Image-backed grounding data
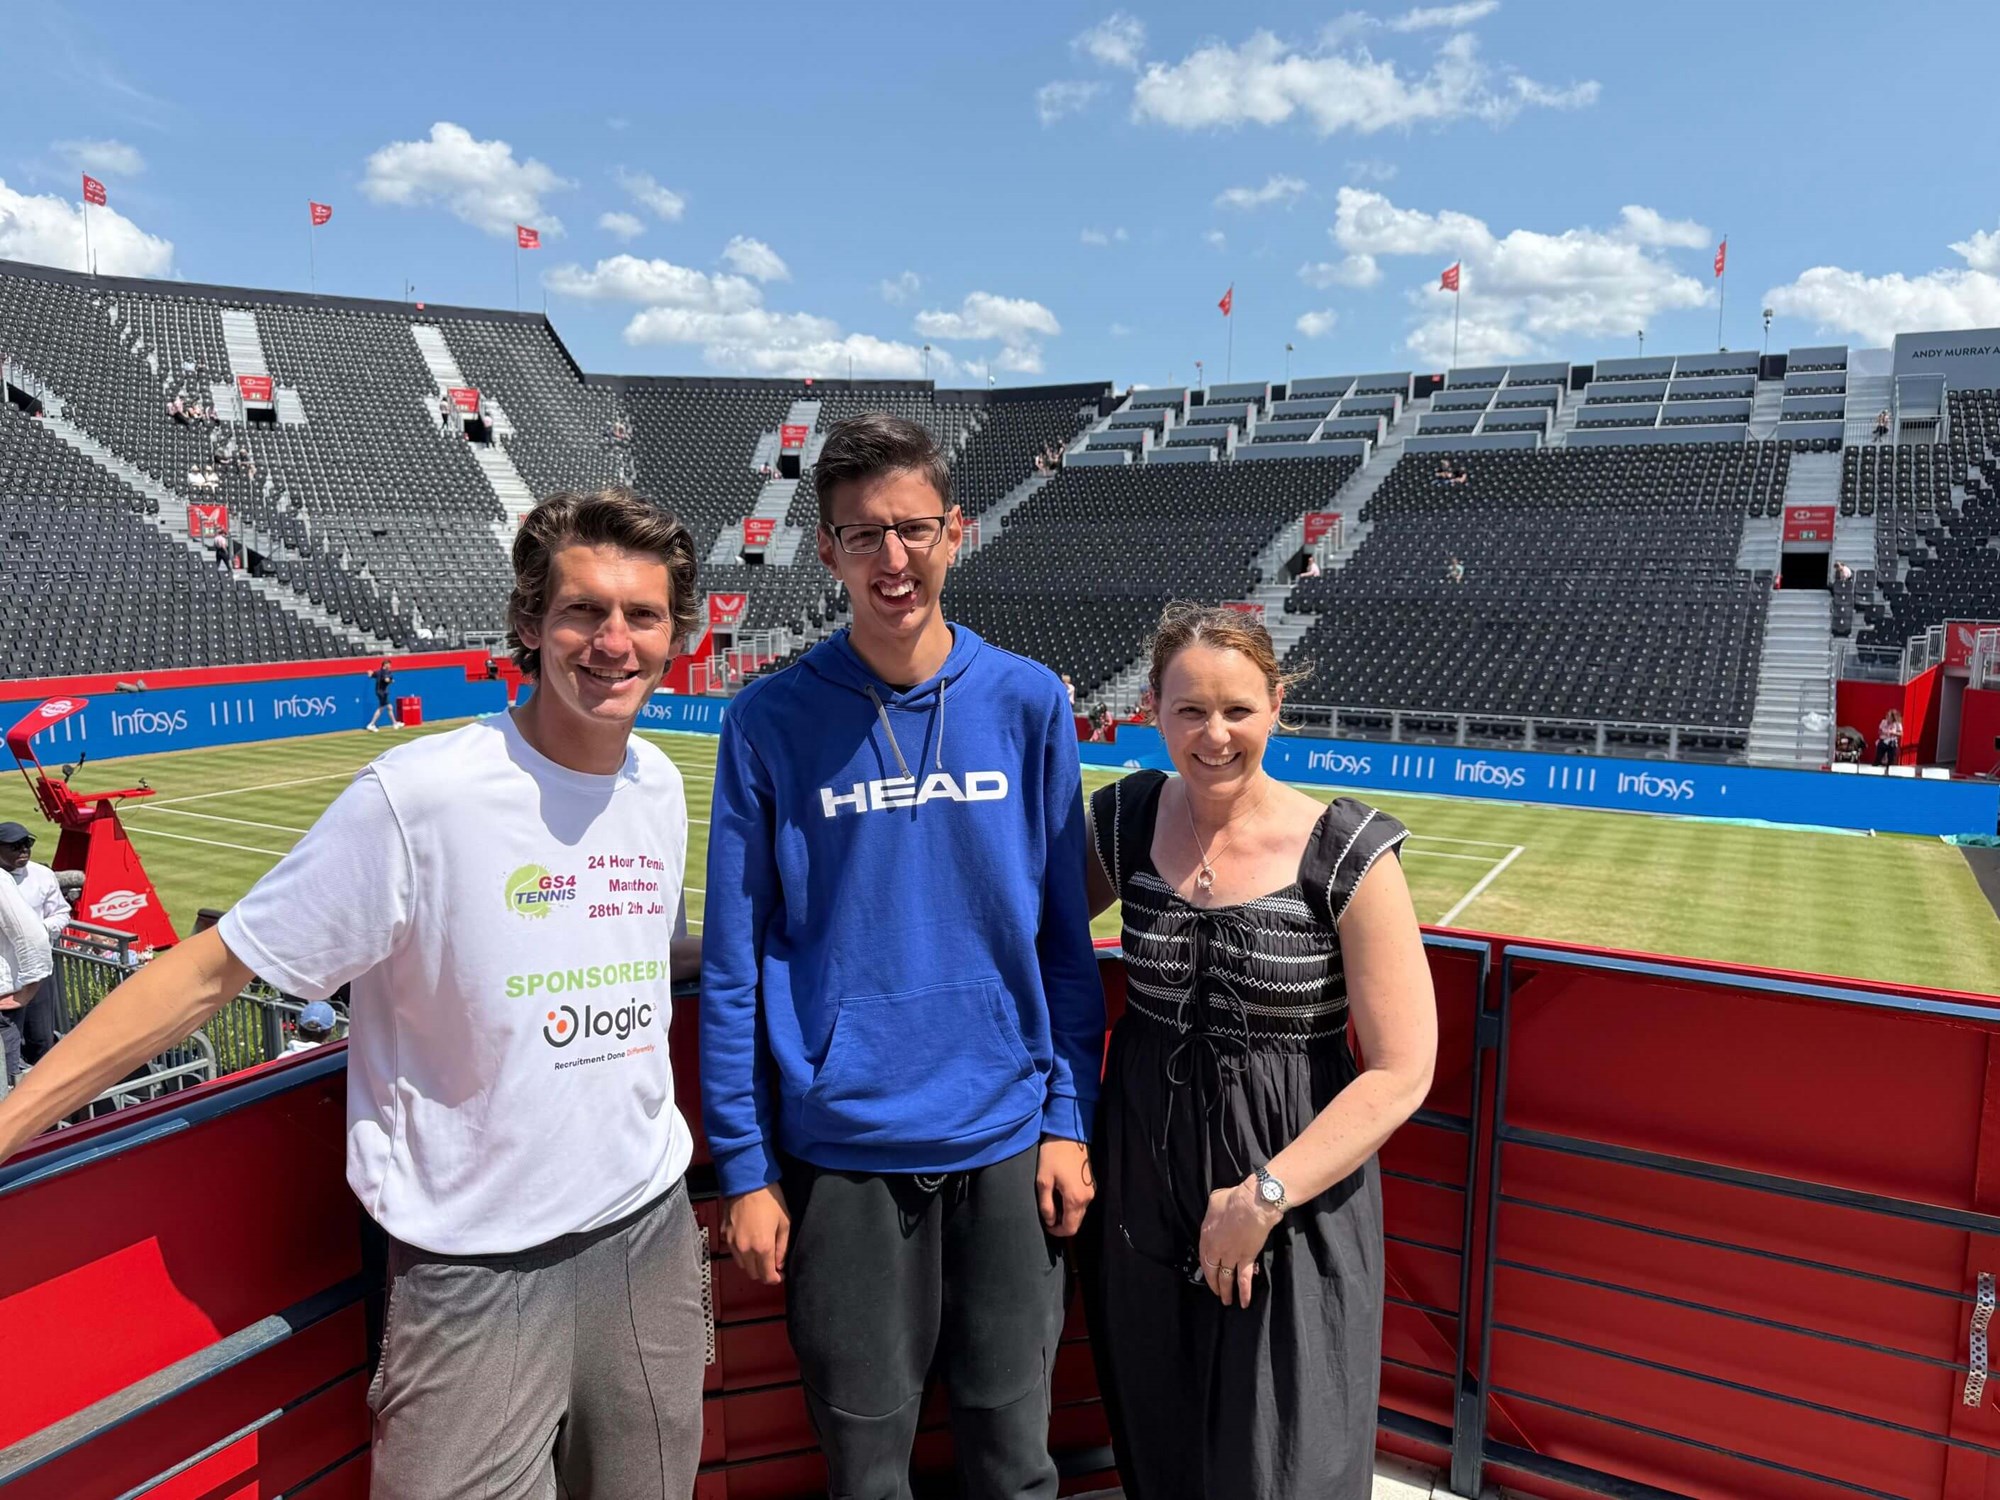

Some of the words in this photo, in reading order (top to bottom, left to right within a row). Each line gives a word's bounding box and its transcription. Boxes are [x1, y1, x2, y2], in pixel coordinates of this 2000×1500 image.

[1911, 349, 1942, 359] ANDY
[1944, 346, 1991, 357] MURRAY
[274, 694, 337, 720] Infosys
[112, 708, 188, 736] Infosys
[1308, 750, 1371, 775] Infosys
[1455, 759, 1525, 789] Infosys
[820, 771, 1009, 817] HEAD
[1618, 772, 1695, 800] Infosys
[588, 855, 605, 869] 24
[609, 855, 634, 868] Hour
[538, 875, 576, 890] GS4
[515, 888, 576, 904] TENNIS
[588, 901, 623, 918] 28th/
[585, 998, 652, 1040] logic
[554, 1055, 606, 1070] Recruitment
[607, 1051, 626, 1061] Done
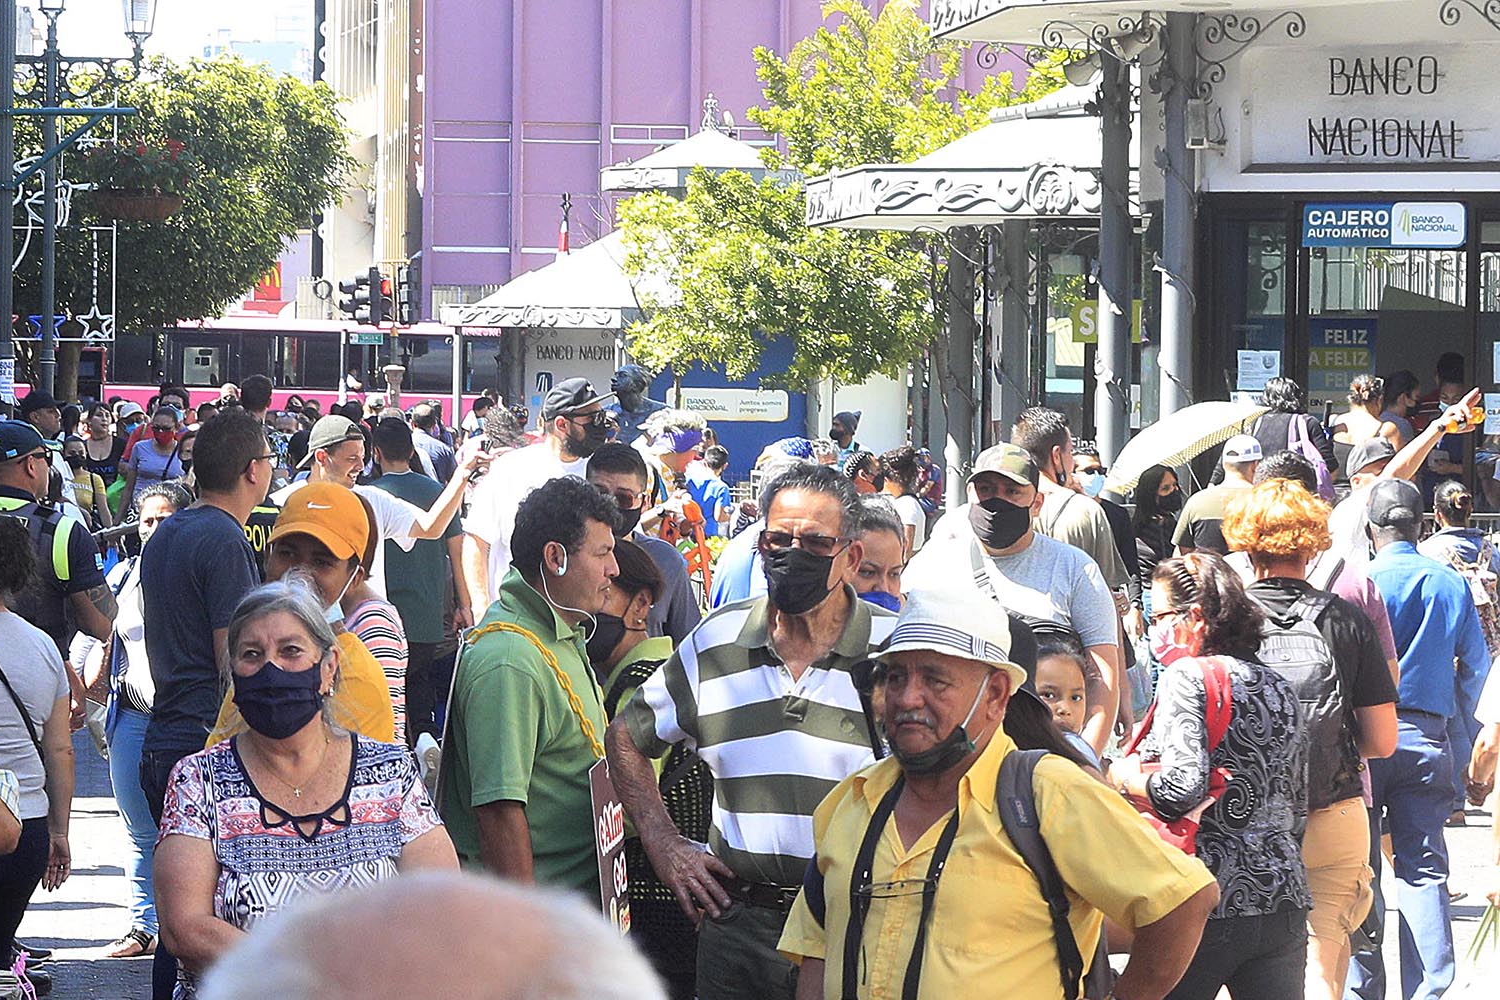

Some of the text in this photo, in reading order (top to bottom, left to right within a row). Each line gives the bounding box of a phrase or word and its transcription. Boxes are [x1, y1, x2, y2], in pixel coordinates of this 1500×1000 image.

[1329, 56, 1438, 96] BANCO
[1308, 117, 1470, 160] NACIONAL
[1308, 210, 1389, 226] CAJERO
[1307, 227, 1389, 239] AUTOMÁTICO
[1411, 223, 1458, 232] NACIONAL
[1324, 328, 1368, 345] FELIZ
[536, 344, 573, 361] BANCO
[1324, 351, 1368, 367] FELIZ
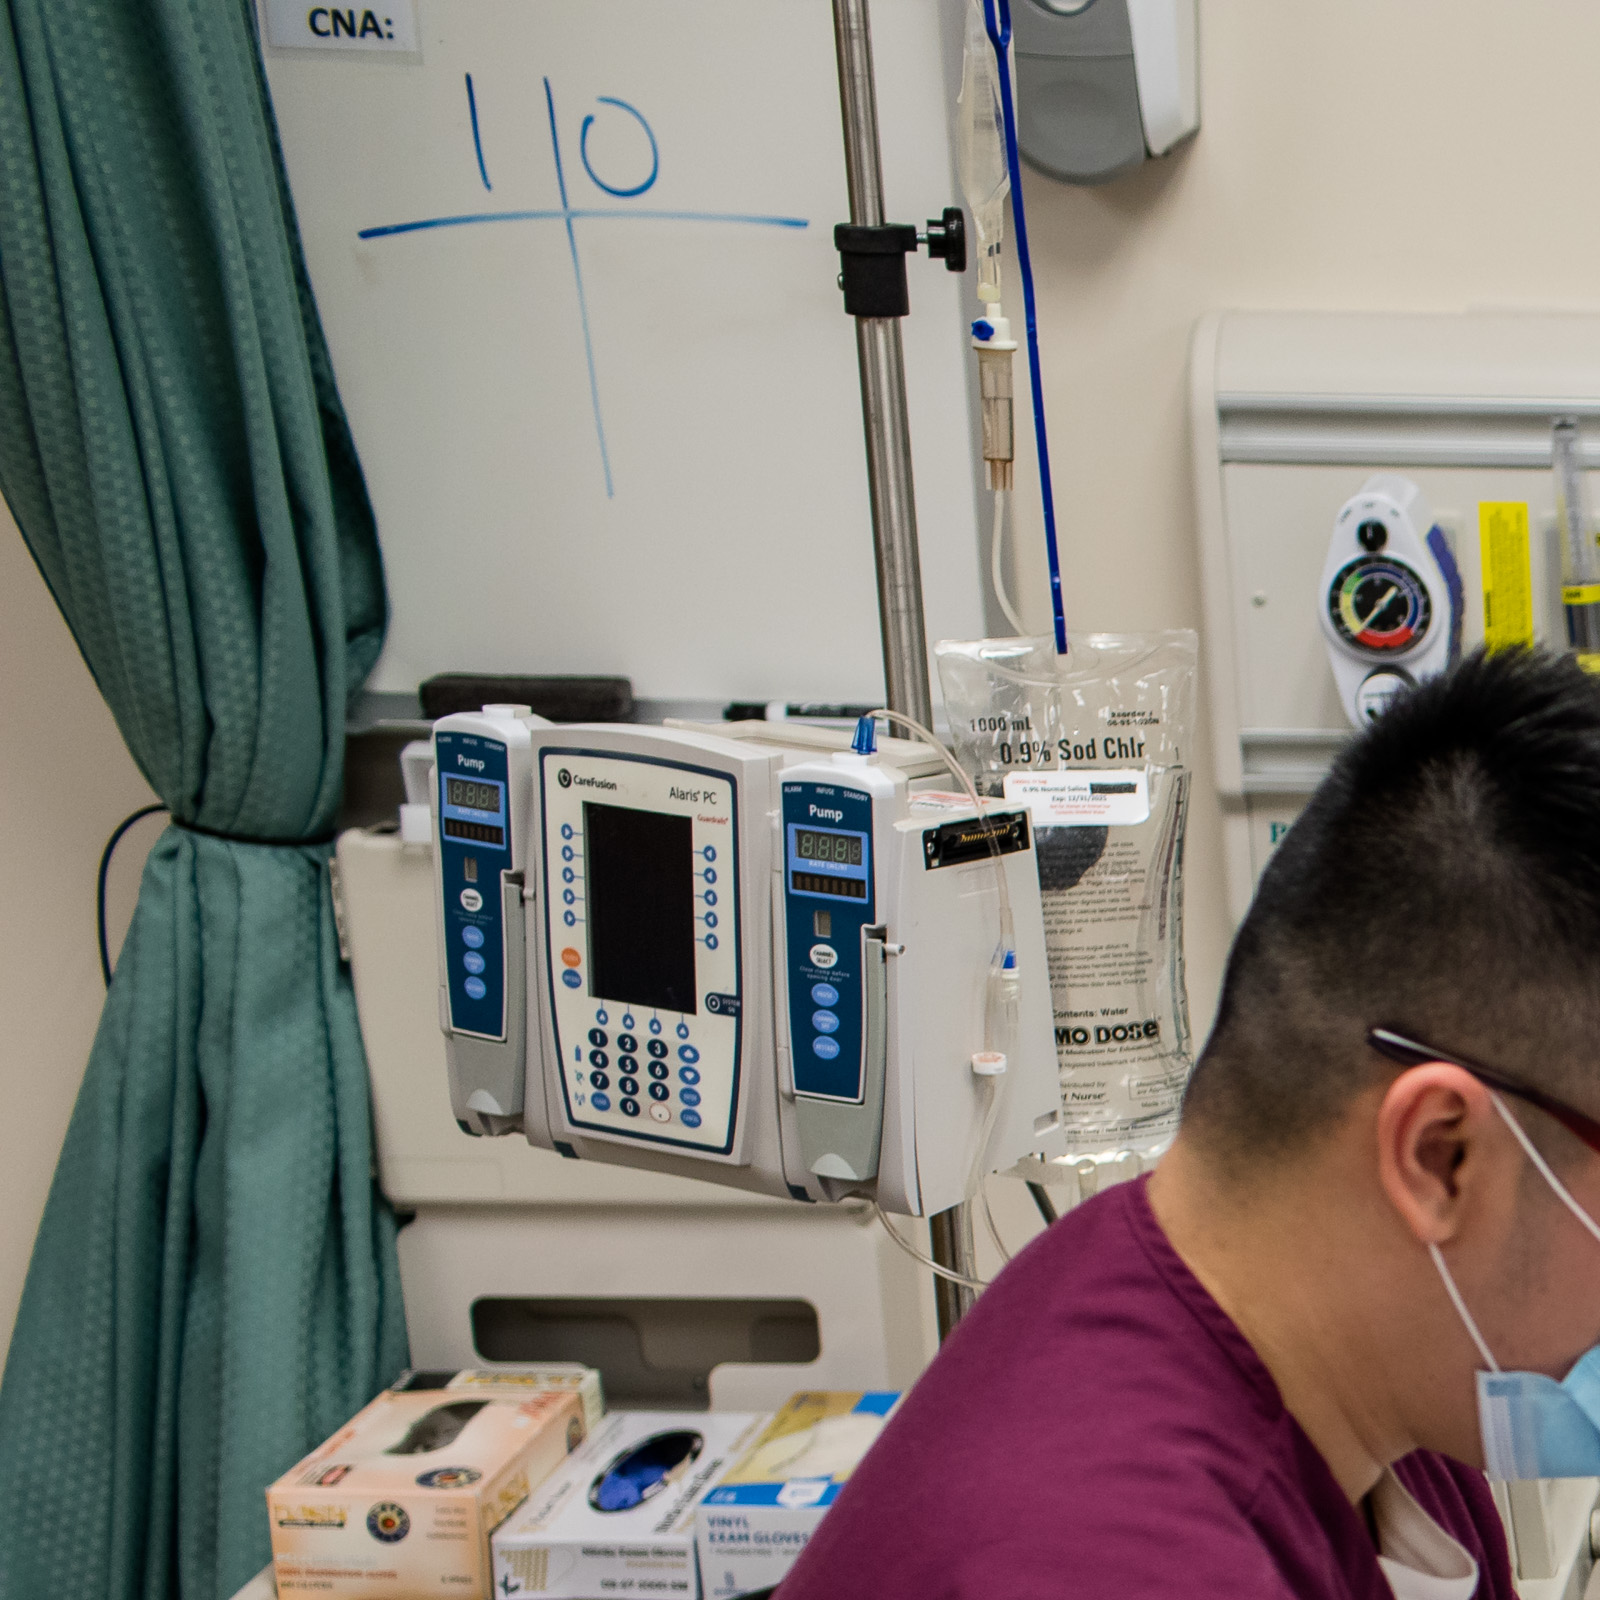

WHAT THE EXERCISE ASKS: Quote the data exactly, leaving every image out of the copy.

TASK SOLUTION:
Some of the words in this photo, in reading order (top to bottom, left to right within a row). Each line gives a word's bounding box and its transcription. Boxes are [x1, y1, x2, y2], in pixel coordinates of this 2000×1500 image.

[1911, 349, 1942, 359] ANDY
[1944, 346, 1991, 357] MURRAY
[274, 694, 337, 720] Infosys
[112, 708, 188, 736] Infosys
[1308, 750, 1371, 775] Infosys
[1455, 759, 1525, 789] Infosys
[820, 771, 1009, 817] HEAD
[1618, 772, 1695, 800] Infosys
[588, 855, 605, 869] 24
[609, 855, 634, 868] Hour
[538, 875, 576, 890] GS4
[515, 888, 576, 904] TENNIS
[588, 901, 623, 918] 28th/
[585, 998, 652, 1040] logic
[554, 1055, 606, 1070] Recruitment
[607, 1051, 626, 1061] Done

Some of the text in this photo, in reading order (top to bottom, left to right within a row). Each line gives the bounding box of a phrase or word and its transcription. Boxes are [x1, y1, x2, y2], in pixel coordinates of this 1500×1000 image.

[1329, 56, 1438, 96] BANCO
[1308, 117, 1470, 160] NACIONAL
[1308, 210, 1389, 226] CAJERO
[1307, 227, 1389, 239] AUTOMÁTICO
[1411, 223, 1458, 232] NACIONAL
[1324, 328, 1368, 345] FELIZ
[536, 344, 573, 361] BANCO
[1324, 351, 1368, 367] FELIZ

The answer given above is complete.